Stored data entries
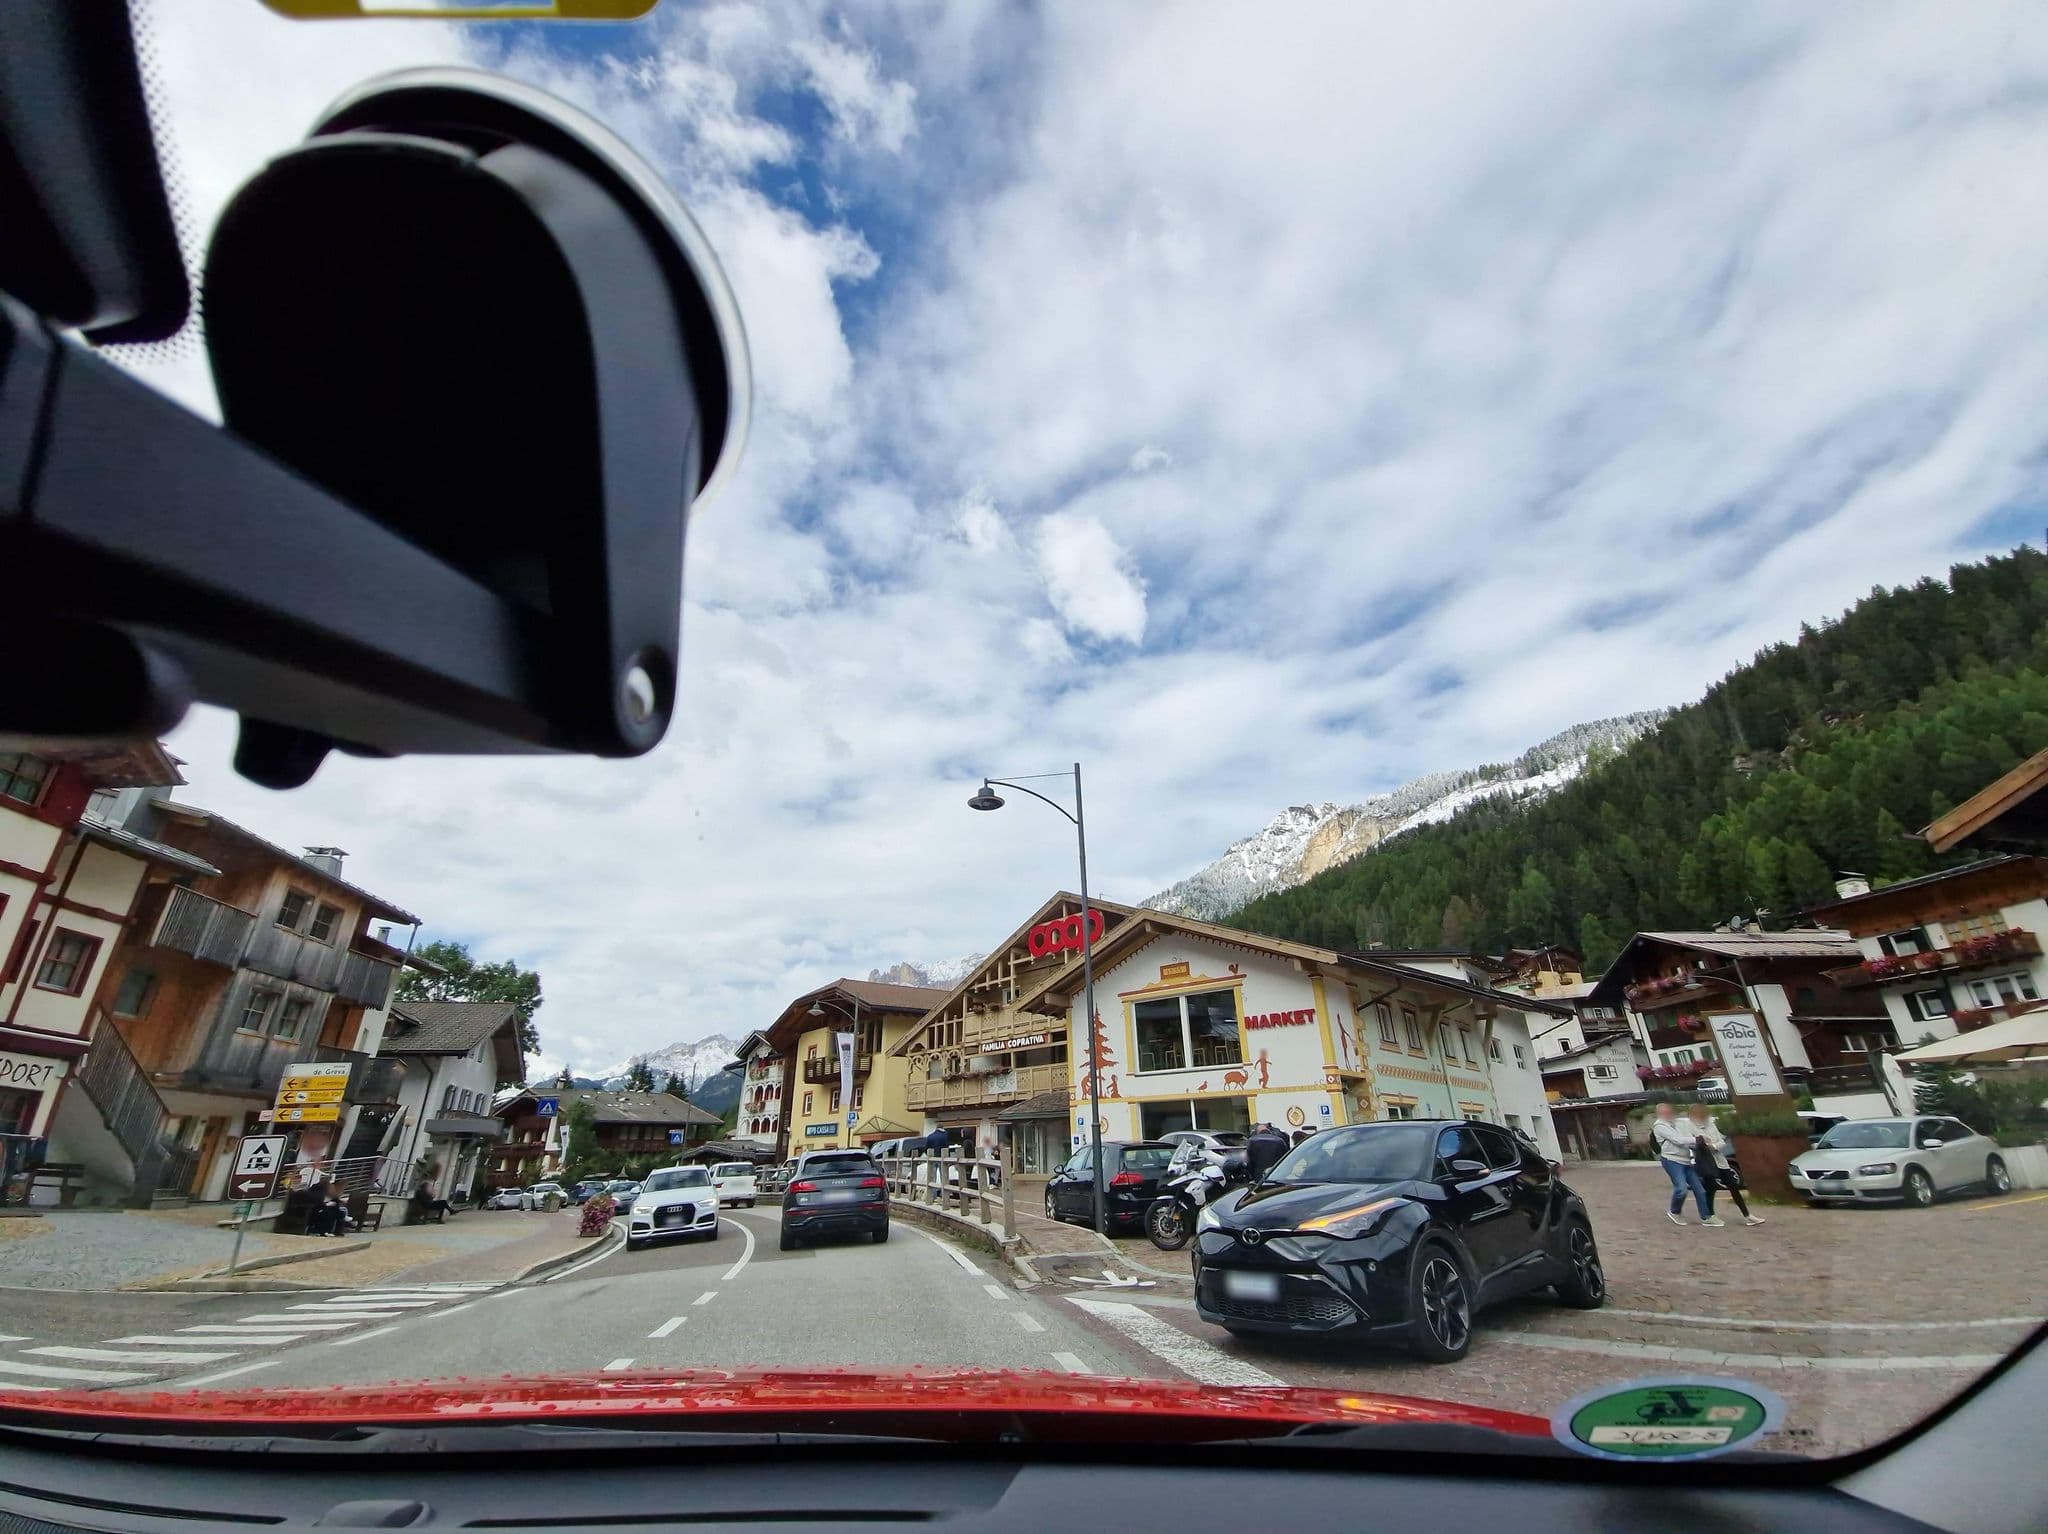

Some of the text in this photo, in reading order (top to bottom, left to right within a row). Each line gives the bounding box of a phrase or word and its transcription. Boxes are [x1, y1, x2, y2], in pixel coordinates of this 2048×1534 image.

[1244, 1008, 1316, 1030] MARKET
[982, 1034, 1044, 1053] FAMILIA COPRATIVA
[0, 1057, 54, 1086] PORT
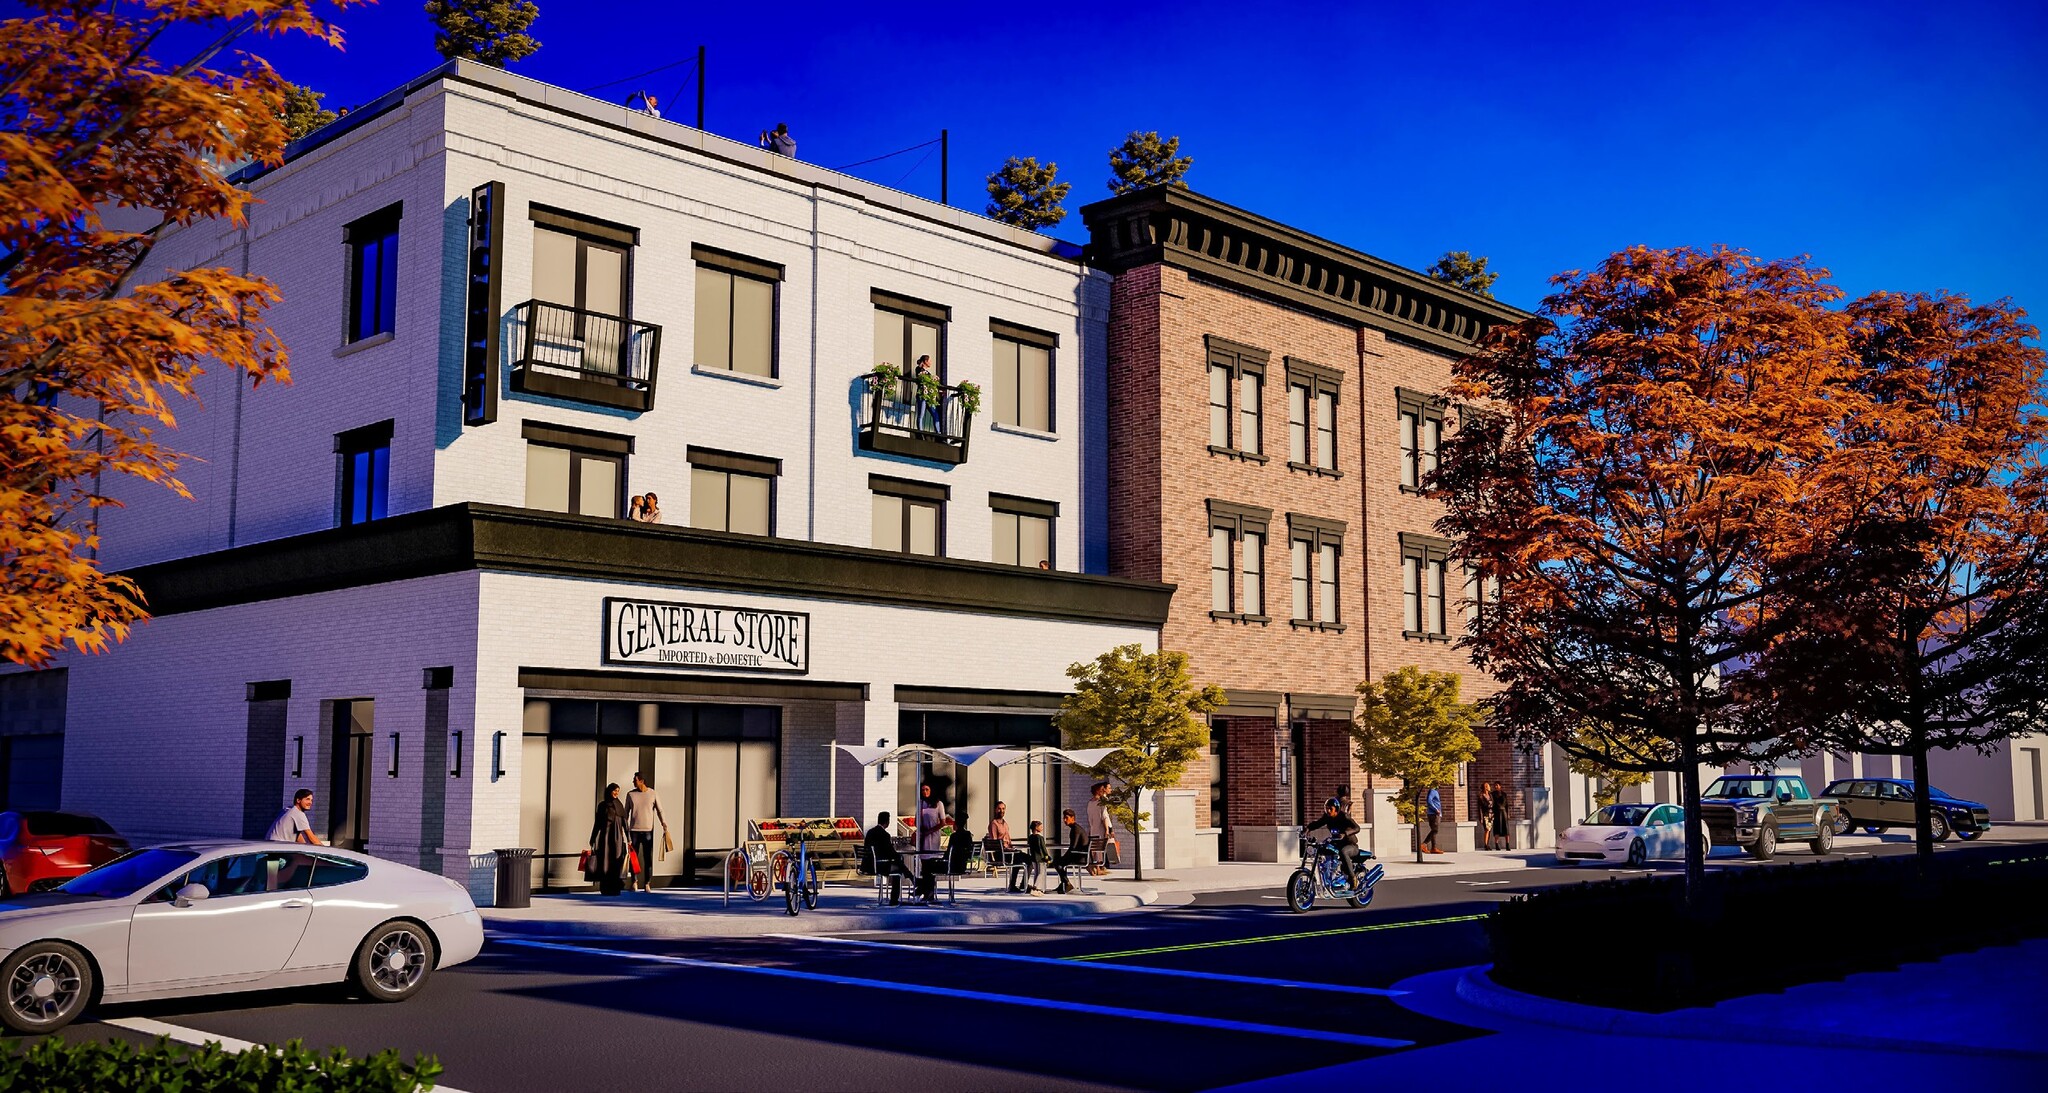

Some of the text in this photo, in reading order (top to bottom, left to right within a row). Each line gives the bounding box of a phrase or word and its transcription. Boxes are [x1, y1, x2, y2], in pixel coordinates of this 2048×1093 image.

[617, 602, 799, 668] GENERAL STORE
[658, 649, 763, 667] IMPORTED & DOMESTIC
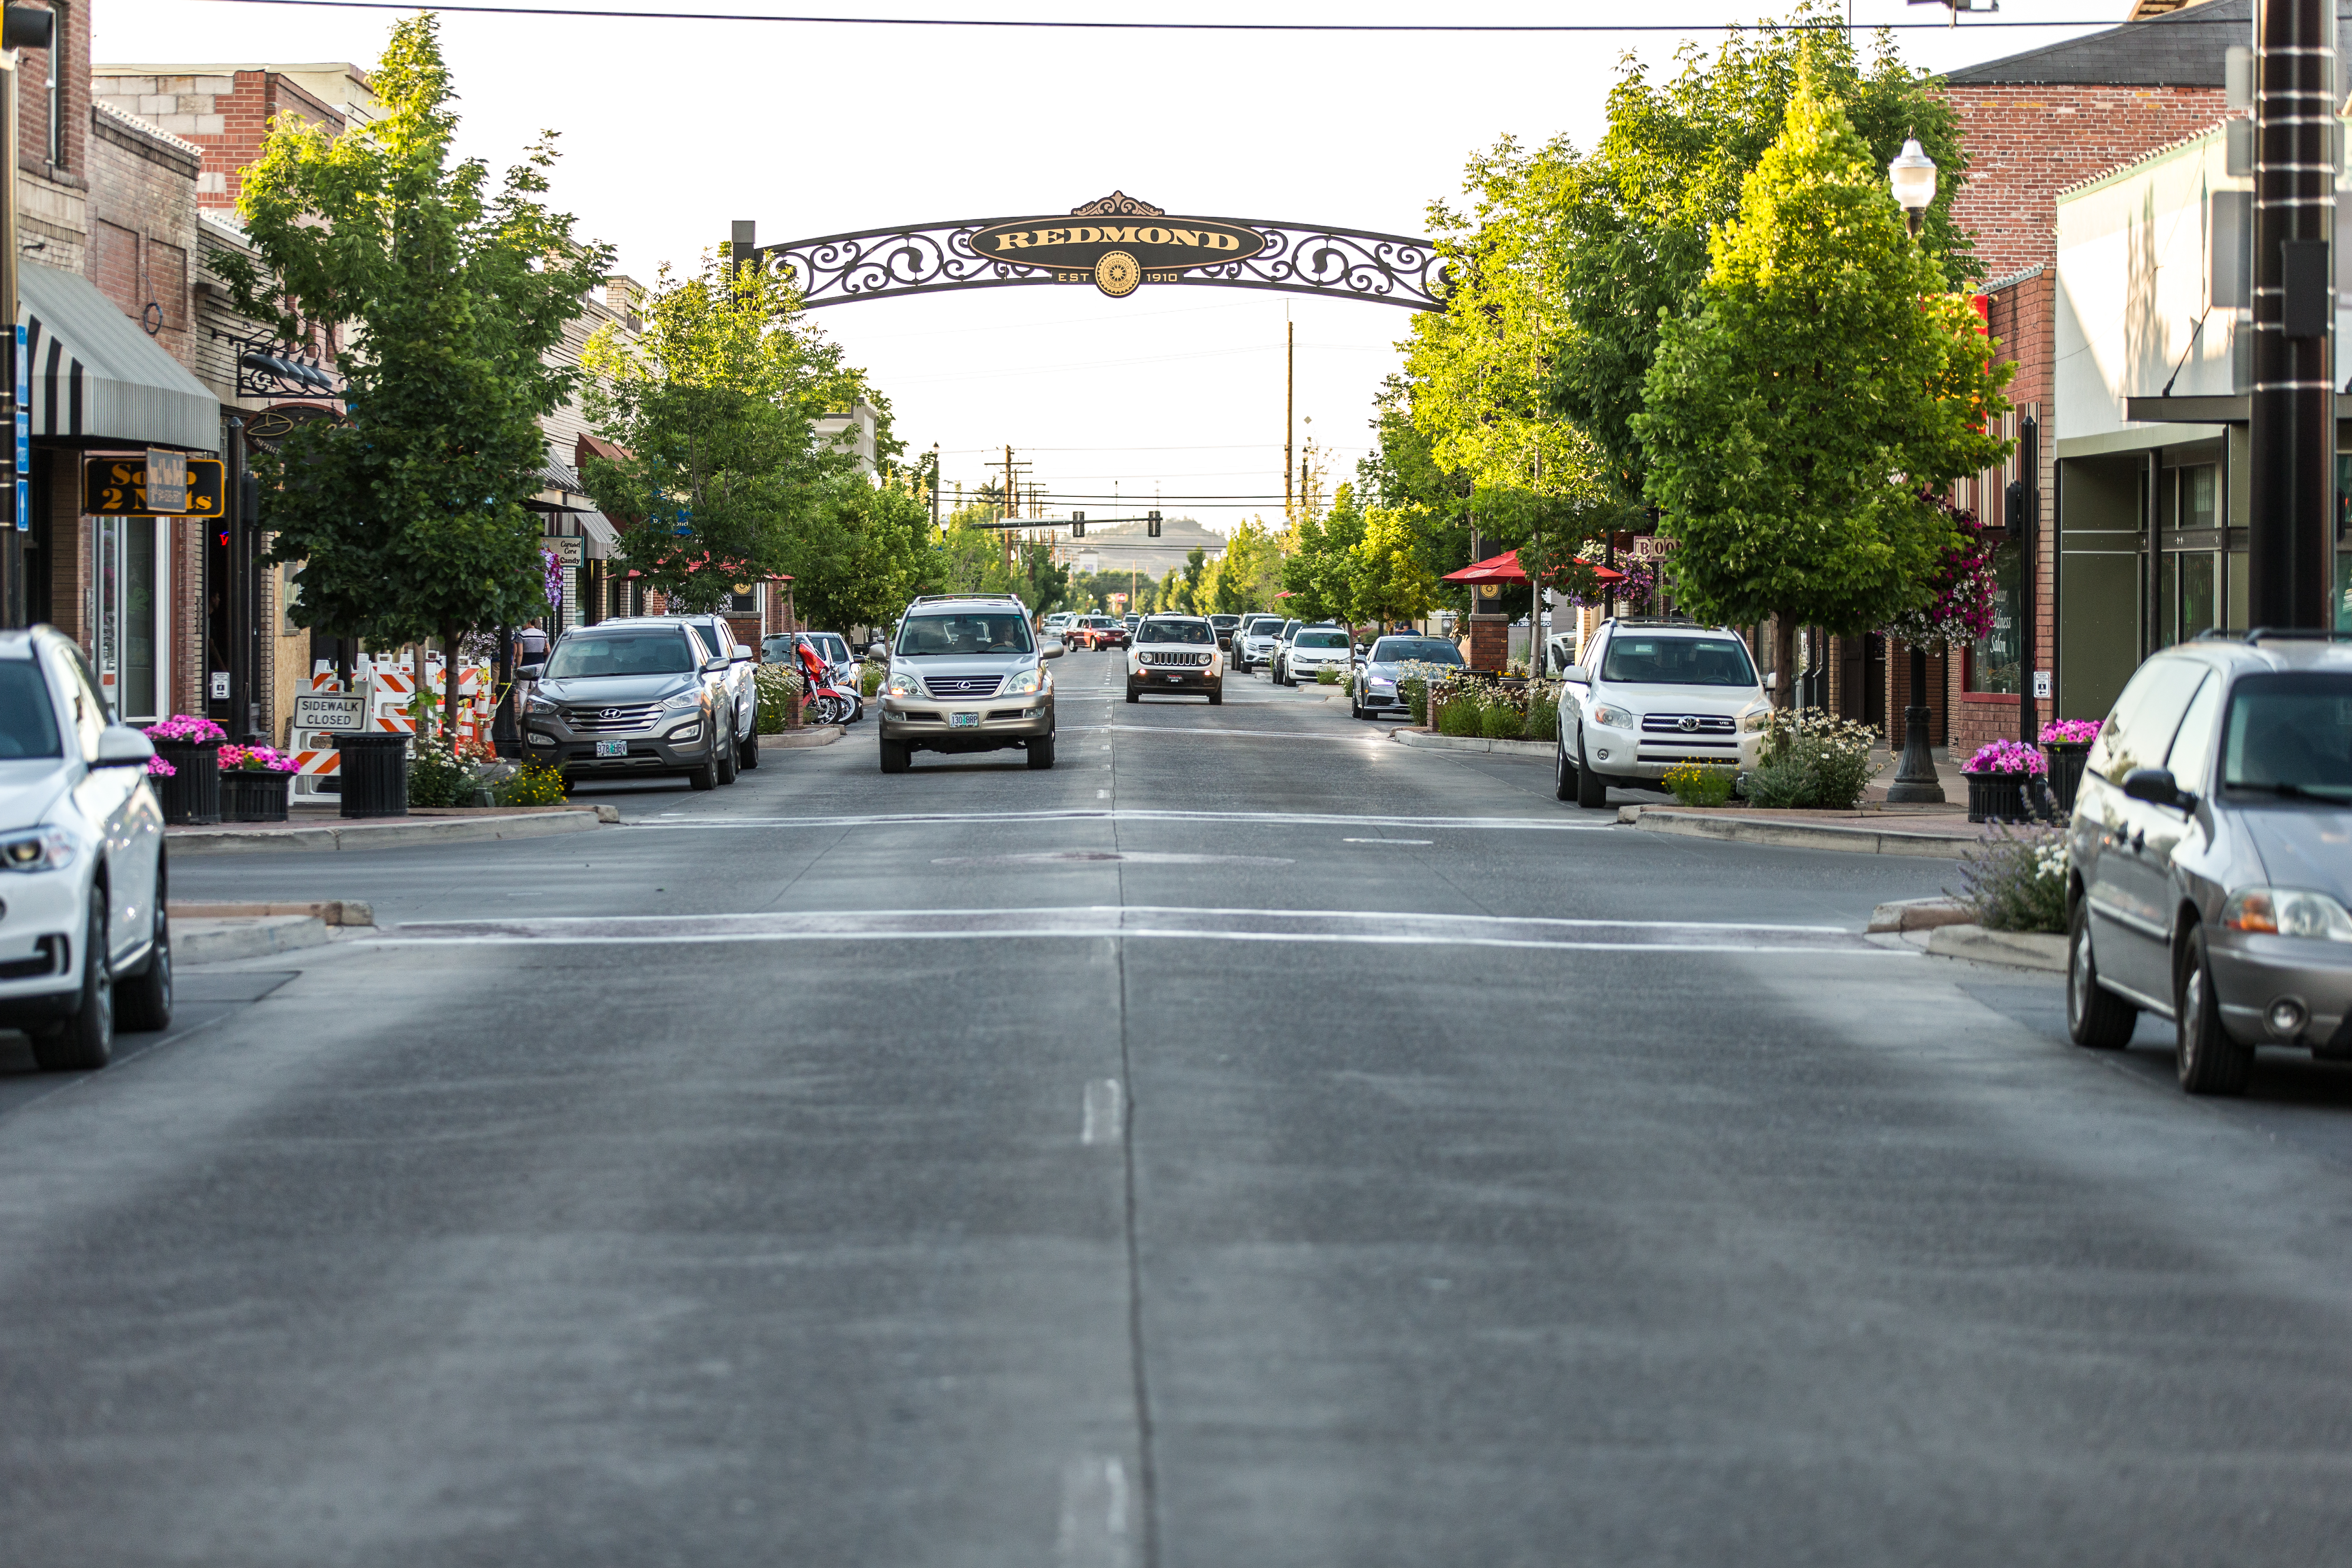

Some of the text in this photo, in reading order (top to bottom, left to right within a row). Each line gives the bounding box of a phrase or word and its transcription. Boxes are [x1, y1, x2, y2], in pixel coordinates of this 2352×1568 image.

[995, 227, 1240, 251] REDMOND
[1106, 260, 1130, 270] REDMOND
[1058, 273, 1089, 282] EST
[1146, 274, 1178, 282] 1910
[1107, 279, 1129, 287] THE HUB
[102, 488, 123, 510] 2
[1640, 541, 1682, 554] BOO
[560, 557, 580, 565] Candy
[1990, 633, 2006, 653] Salon
[302, 701, 358, 711] SIDEWALK
[307, 715, 351, 725] CLOSED
[952, 715, 977, 724] 130 BRP
[598, 744, 626, 753] 378 HBV

### AIM OF THE TASK
Quote every record above exactly, leaving out any pictures.

### WRITTEN ANSWER
Some of the text in this photo, in reading order (top to bottom, left to right within a row). Each line gives the bounding box of a phrase or word and its transcription. Boxes are [x1, y1, x2, y2], in pixel coordinates of this 2048×1534 image.

[1244, 1008, 1316, 1030] MARKET
[982, 1034, 1044, 1053] FAMILIA COPRATIVA
[0, 1057, 54, 1086] PORT

Some of the text in this photo, in reading order (top to bottom, left to right within a row). Each line gives the bounding box of a phrase or word and its transcription. Boxes are [x1, y1, x2, y2], in pixel coordinates of this 2048×1093 image.

[617, 602, 799, 668] GENERAL STORE
[658, 649, 763, 667] IMPORTED & DOMESTIC

Some of the text in this photo, in reading order (top to bottom, left to right within a row). Each line gives the bounding box of a phrase or word and its transcription. Boxes are [x1, y1, x2, y2], in pixel coordinates of this 2352×1568 image.

[995, 227, 1240, 251] REDMOND
[1106, 260, 1130, 270] REDMOND
[1058, 273, 1089, 282] EST
[1146, 274, 1178, 282] 1910
[1107, 279, 1129, 287] THE HUB
[102, 488, 123, 510] 2
[1640, 541, 1682, 554] BOO
[560, 557, 580, 565] Candy
[1990, 633, 2006, 653] Salon
[302, 701, 358, 711] SIDEWALK
[307, 715, 351, 725] CLOSED
[952, 715, 977, 724] 130 BRP
[598, 744, 626, 753] 378 HBV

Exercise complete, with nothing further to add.